Start of Available records

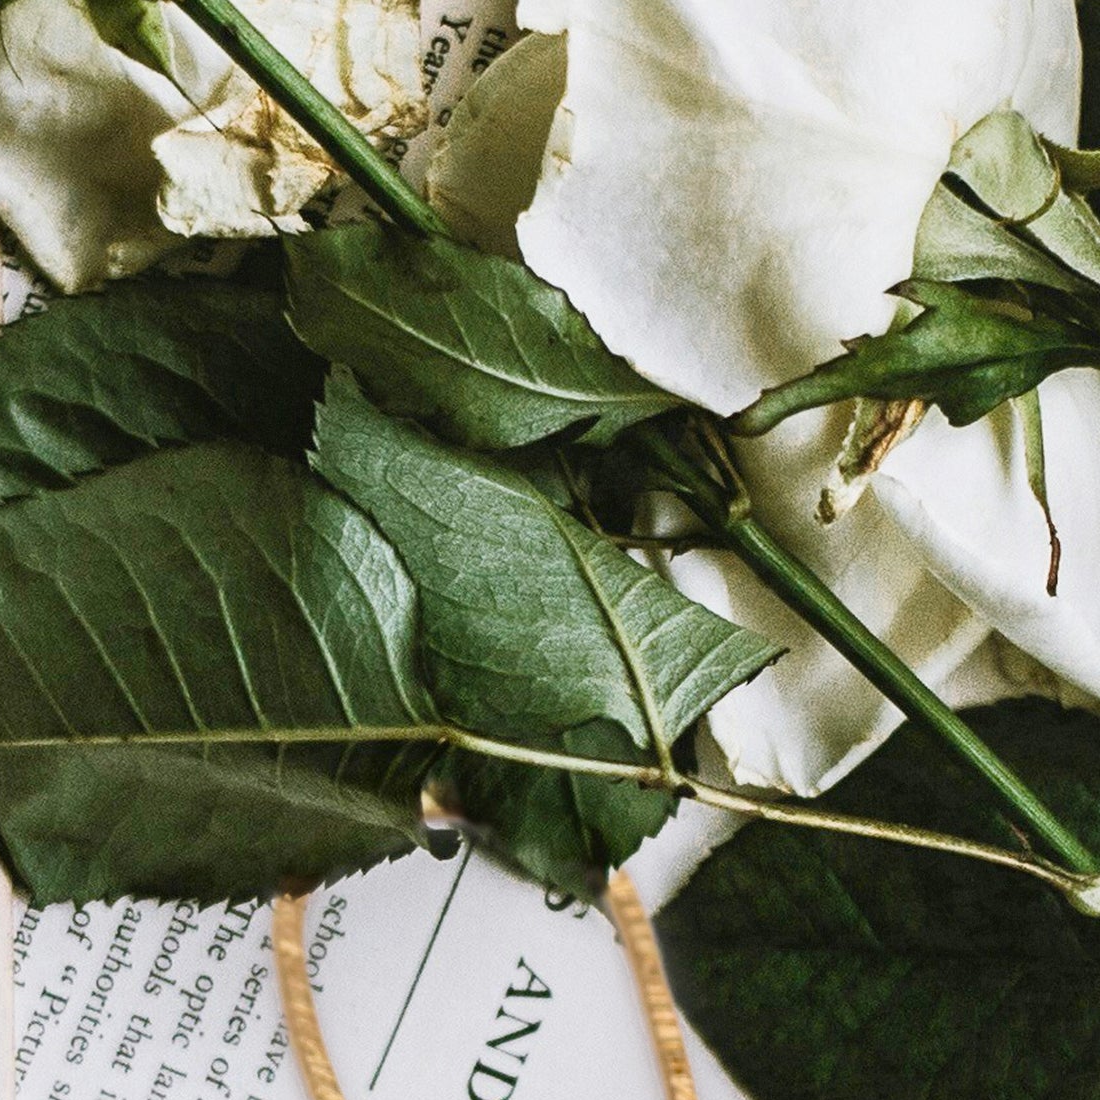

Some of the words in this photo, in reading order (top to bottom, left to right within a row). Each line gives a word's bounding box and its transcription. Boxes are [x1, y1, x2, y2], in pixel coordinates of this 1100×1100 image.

[66, 906, 93, 951] of
[206, 897, 260, 962] The
[65, 908, 142, 1065] authorities
[171, 974, 214, 1049] optic
[222, 963, 268, 1046] series
[111, 1014, 153, 1074] that
[205, 1057, 231, 1099] of

End of Available records

**Required action**
Please print the entries above exactly. Skip every picture.

**Completed exercise**
Some of the words in this photo, in reading order (top to bottom, left to right within a row). Each line gives a word's bounding box and its transcription. Boxes are [x1, y1, x2, y2], in pixel coordinates of this 1100×1100 image.

[66, 906, 93, 951] of
[206, 897, 260, 962] The
[65, 908, 142, 1065] authorities
[171, 974, 214, 1049] optic
[222, 963, 268, 1046] series
[111, 1014, 153, 1074] that
[205, 1057, 231, 1099] of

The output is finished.